While it can be a helpful practice for your synchronous sessions to be recorded and made available in an asynchronous format for students who are not able to join live course sessions for legitimate reasons (i.e. in a time zone that precludes participation in a synchronous session at a reasonable hour of the day) this may not always be the best approach.
Some topics or conversations may be of a sensitive nature, and thus this must be weighed against the relative benefits of recording class sessions, especially if you have students located in areas where course content could be a risk to their safety. If you do record your course sessions, ensuring these follow these promising practices that require double password-protected access and limiting that access only to those that need the information for a limited amount of time is prudent. Please keep in mind that if you are recording class activities to share with your students these should be recorded LOCALLY and then uploaded securely following the procedures linked above.
If you decide not to record your full course sessions for these reasons, you might consider recording the most essential components like your lecture content, or “sign post” or summary portions of a larger class discussion where you dedicate a portion at the end of a class conversation for you or course participants to highlight key content from that discussion (definitions, ideas, areas of application). Another option involves assigning rotating responsibility to students for taking notes from class sessions to share with those that cannot attend.
There are a number of additional asynchronous strategies you might consider to keep students who are unable to join your synchronous sessions due to time zone or security conflicts engaged and participating in the course. Several approaches are highlighted here.

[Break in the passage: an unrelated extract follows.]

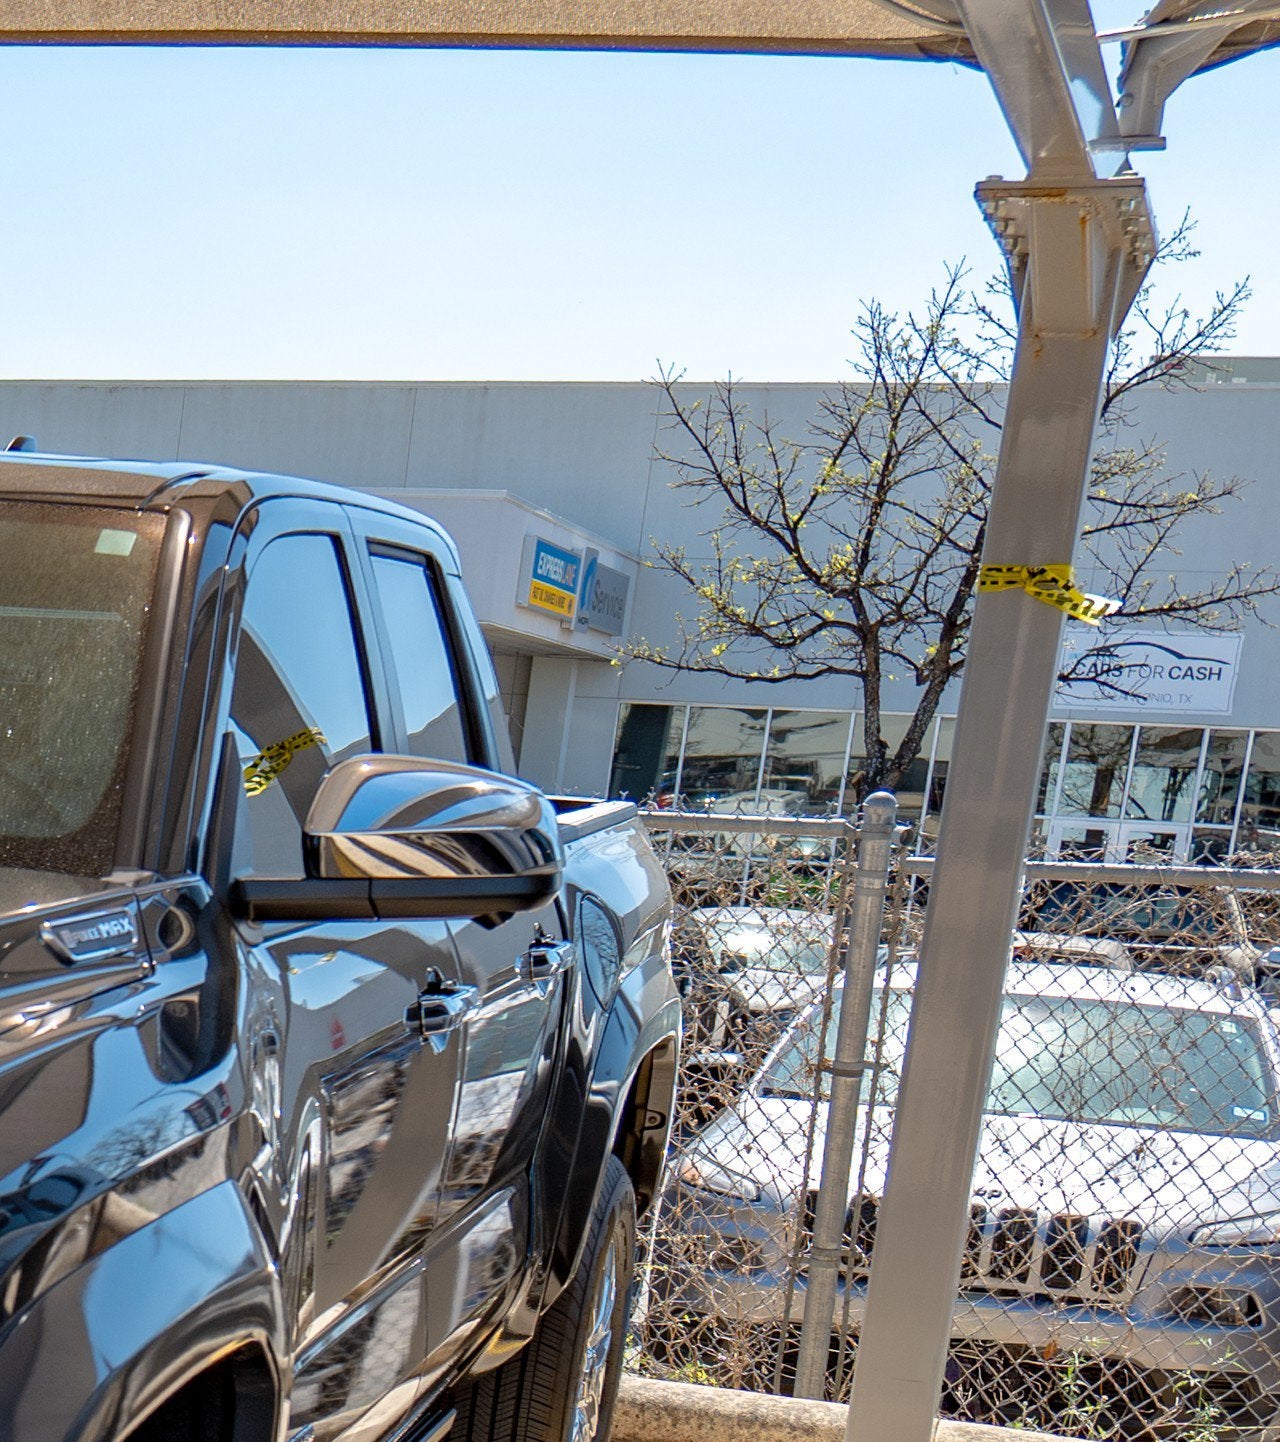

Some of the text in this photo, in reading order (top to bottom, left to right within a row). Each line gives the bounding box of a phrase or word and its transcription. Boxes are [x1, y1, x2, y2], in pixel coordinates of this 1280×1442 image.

Beyond time-zone differences, you may have students who are accessing your course remotely from a country that has internet firewall restrictions or strict policies about certain types of content. Students located in China, for example, may not have access to some frequently used instructional platforms (i.e. Youtube.com) and recent laws have made it easier for officials to prosecute individuals for crimes against the state for expressing certain opinions and perspectives. Working with students in these situations early in the course (see several recommendations here and here) to ensure they can access essential course content in a safe and secure fashion will ensure a more equitable learning experience for all your students.
Some general guidance for FurmanFlex and Online Assessment (with links to additional resources) is available on the FDC’s website (link here).
Three notes of interest as you consider your adaptations:
Where possible, faculty are encouraged to consider alternative applied assessment measures to replace synchronous exam evaluations as these can reduce the ability of students to engage in academic dishonesty. Some ideas include replacing exams with final projects or papers, converting an exam to an applied take-home version, or utilizing the asynchronous exam format that is part of Furman’s learning management system, Moodle. Moodle has a quiz feature with built in capability to scramble answer and question order for added protection against academic dishonesty and faculty can elect to utilize Safe Exam Browser in conjunction with the platform. Other options include open and closed-book application activities for your exams.
If you feel as if proctored, synchronous exams are essential for your course, you might consider proctoring those via an online video conferencing platform like Zoom. In order to do this, you would set up a timed Moodle Quiz, gather students in a Zoom session, and proctor that exam live.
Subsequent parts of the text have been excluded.